What are the different phone form factors?

Photo by Gaetan Lee - CC-BY

Photo by Gaetan Lee - CC-BY

The form factor of a mobile phone is a general description of its shape and mechanical function, and can have a big impact on the usability of the cellphone.

The most basic shape is the candybar which is at least as long as a Mars Bar, almost as thick and somewhat wider. This provides space for a small screen and a numeric keypad, while keeping the manufacturing costs low by avoiding any moving parts. Examples: Nokia 1208, Motorola F3.

A variation is the slate or tablet form factor. This is wider than the candybar, and much thinner. It allows for a larger screen and an alphanumeric (Qwerty) keyboard. Examples: Nokia E71, BlackBerry Curve.

A fold on the shorter dimension makes a flip phone, which provides several advantages. It greatly increases the length, enabling the microphone to be placed much closer to the user’s mouth, yielding increased call quality. It also enables the very natural “open to answer” function, which is much more convenient than scrabbling around to find a button to press. And when it’s folded up, accidental button presses are impossible. On the downside, no functionality is available when the device is folded, unless additional buttons and a duplicate display are provided on the outside (which defeats the benefit of no accidental button presses inside your pocket). Examples: Motorola RAZR, BlackBerry Flip 8220.

To achieve increased length without the need for a second display, the slider form factor can be used. This puts the display on the face, with a numeric keypad sliding out from underneath when making a call. Examples: Samsung J700, Nokia N82.

If the slide goes sideways, it can expose a full alphanumeric keyboard. The side-slider is popular with those who send lots of text (SMS) messages, and with those who do lots of mobile web browsing. Examples: LG KS360, Nokia N97.

By folding away an alphanumeric keypad rather than sliding it, we get the clamshell shape, like a tiny version of a laptop computer. Examples: Nokia 9300, Nokia E90.

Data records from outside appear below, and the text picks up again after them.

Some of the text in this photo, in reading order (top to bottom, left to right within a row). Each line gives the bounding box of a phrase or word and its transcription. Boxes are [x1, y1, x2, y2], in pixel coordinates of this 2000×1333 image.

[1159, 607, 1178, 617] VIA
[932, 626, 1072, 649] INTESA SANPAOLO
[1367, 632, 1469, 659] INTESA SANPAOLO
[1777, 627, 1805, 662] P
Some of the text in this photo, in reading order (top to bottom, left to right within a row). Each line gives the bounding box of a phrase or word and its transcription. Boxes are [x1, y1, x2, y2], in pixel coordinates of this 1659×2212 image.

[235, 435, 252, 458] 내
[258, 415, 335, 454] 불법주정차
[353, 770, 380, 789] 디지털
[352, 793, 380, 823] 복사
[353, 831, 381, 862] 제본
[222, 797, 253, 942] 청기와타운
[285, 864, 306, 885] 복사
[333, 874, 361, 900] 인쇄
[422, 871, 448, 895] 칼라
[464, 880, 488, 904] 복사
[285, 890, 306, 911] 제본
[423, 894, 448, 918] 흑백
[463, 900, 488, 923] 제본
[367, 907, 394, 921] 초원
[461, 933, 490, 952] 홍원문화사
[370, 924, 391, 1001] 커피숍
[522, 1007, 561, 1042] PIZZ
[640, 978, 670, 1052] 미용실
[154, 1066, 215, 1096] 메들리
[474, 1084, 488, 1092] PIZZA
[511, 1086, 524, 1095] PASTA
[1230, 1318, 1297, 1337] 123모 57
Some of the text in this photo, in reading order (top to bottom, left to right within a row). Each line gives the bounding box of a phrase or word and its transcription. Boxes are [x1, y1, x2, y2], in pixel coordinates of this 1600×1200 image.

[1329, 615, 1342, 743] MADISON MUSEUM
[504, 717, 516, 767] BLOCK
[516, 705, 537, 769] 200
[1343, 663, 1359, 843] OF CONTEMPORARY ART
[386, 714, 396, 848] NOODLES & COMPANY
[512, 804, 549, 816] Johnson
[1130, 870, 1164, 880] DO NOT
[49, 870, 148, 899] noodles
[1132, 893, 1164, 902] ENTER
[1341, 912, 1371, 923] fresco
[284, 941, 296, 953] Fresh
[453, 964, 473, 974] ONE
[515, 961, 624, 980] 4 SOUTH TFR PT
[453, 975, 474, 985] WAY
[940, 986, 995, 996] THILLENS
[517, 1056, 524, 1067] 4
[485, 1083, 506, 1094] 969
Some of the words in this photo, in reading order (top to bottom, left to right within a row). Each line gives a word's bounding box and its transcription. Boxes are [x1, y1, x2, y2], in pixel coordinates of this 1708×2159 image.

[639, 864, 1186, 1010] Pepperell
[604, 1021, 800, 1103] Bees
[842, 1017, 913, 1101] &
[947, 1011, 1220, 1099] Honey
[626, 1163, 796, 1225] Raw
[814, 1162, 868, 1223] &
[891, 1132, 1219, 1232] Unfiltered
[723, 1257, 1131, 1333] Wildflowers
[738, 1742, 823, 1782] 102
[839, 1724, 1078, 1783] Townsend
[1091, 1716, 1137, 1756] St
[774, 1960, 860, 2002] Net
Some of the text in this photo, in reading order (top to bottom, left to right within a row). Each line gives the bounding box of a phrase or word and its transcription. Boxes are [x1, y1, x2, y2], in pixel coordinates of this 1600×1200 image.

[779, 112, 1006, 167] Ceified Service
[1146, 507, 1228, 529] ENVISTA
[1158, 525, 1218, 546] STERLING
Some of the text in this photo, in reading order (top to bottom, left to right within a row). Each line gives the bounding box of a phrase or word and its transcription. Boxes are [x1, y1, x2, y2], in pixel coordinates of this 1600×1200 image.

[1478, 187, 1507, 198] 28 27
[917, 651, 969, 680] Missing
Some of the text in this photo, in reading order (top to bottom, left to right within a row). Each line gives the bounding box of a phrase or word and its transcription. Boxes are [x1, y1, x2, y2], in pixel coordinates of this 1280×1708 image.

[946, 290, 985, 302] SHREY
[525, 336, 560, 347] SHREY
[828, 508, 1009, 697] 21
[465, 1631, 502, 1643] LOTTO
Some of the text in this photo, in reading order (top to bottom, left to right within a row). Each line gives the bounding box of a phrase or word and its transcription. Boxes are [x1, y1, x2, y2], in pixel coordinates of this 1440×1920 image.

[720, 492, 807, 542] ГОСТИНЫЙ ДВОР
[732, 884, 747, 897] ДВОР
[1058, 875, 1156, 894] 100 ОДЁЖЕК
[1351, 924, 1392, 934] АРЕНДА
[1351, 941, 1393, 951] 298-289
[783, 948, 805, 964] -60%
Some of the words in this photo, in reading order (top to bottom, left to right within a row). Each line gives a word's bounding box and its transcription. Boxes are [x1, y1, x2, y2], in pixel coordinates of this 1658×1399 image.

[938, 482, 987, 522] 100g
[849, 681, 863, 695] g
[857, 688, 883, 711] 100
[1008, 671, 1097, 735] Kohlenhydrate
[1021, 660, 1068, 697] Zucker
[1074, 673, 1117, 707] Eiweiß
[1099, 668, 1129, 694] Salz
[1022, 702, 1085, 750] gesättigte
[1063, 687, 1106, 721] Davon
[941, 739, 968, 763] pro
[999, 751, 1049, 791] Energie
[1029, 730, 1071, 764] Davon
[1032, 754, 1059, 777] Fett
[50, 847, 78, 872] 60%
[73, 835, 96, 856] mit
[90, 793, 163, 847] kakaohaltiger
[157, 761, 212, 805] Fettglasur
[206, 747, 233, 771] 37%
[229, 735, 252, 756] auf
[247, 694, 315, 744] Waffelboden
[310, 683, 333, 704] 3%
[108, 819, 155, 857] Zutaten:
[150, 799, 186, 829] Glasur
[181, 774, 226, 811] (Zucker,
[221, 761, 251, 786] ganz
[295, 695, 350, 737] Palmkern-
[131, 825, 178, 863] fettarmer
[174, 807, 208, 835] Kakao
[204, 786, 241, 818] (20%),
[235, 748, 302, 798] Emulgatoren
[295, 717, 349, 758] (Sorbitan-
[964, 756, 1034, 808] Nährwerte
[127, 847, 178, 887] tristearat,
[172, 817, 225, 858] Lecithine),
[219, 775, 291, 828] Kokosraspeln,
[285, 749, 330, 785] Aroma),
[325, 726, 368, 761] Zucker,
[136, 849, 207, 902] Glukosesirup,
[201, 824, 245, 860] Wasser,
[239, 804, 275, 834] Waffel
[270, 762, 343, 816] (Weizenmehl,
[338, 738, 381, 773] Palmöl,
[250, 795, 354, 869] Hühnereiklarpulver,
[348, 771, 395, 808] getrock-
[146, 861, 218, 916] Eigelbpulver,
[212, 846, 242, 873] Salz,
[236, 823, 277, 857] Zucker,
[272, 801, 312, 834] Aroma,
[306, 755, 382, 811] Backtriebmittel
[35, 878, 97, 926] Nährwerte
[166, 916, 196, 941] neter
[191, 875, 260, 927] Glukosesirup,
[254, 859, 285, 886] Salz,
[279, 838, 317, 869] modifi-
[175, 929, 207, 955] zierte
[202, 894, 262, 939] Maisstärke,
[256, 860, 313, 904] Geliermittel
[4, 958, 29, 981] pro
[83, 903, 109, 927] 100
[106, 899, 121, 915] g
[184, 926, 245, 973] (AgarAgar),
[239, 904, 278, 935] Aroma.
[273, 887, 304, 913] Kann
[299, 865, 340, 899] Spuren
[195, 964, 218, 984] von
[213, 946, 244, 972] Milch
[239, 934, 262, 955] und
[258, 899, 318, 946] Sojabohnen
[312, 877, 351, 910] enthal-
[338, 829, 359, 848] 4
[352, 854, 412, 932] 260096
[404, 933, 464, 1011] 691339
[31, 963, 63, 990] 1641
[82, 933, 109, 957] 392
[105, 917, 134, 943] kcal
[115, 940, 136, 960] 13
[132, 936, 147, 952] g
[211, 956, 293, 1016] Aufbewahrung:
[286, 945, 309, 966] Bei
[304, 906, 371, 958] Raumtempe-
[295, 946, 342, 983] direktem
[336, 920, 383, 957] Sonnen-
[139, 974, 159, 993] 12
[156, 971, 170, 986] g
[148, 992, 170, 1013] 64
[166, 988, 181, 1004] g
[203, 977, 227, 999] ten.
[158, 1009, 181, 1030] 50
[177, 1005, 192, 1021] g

Unusual and uncommon form factors include the swivel (Samsung F210), detachable keyboard, dual slider (up/down, or sideways/down), dual-flip (vertical/horizontal) and dual-fold (left and right, Nokia 6810). But manufacturers always want to keep the total volume down, and the more complicated the mechanism, the less space remains for the electronics.

One way to reduce the mechanics even further is to do away with a conventional keyboard, making the screen do double-duty as a touchscreen keyboard. This works really well for web browsing over a cellular connection or playing touch-enabled games, but can be less convenient at other times. Examples: Apple iPhone, LG Viewty II.

Cellphones can also be made as wristwatches, incorporated into a headsets, surrounded by rubber to ruggedise them, or made into novelty shapes. There’s also a market for outrageously-priced bling phones, encrusted with diamonds or pearls.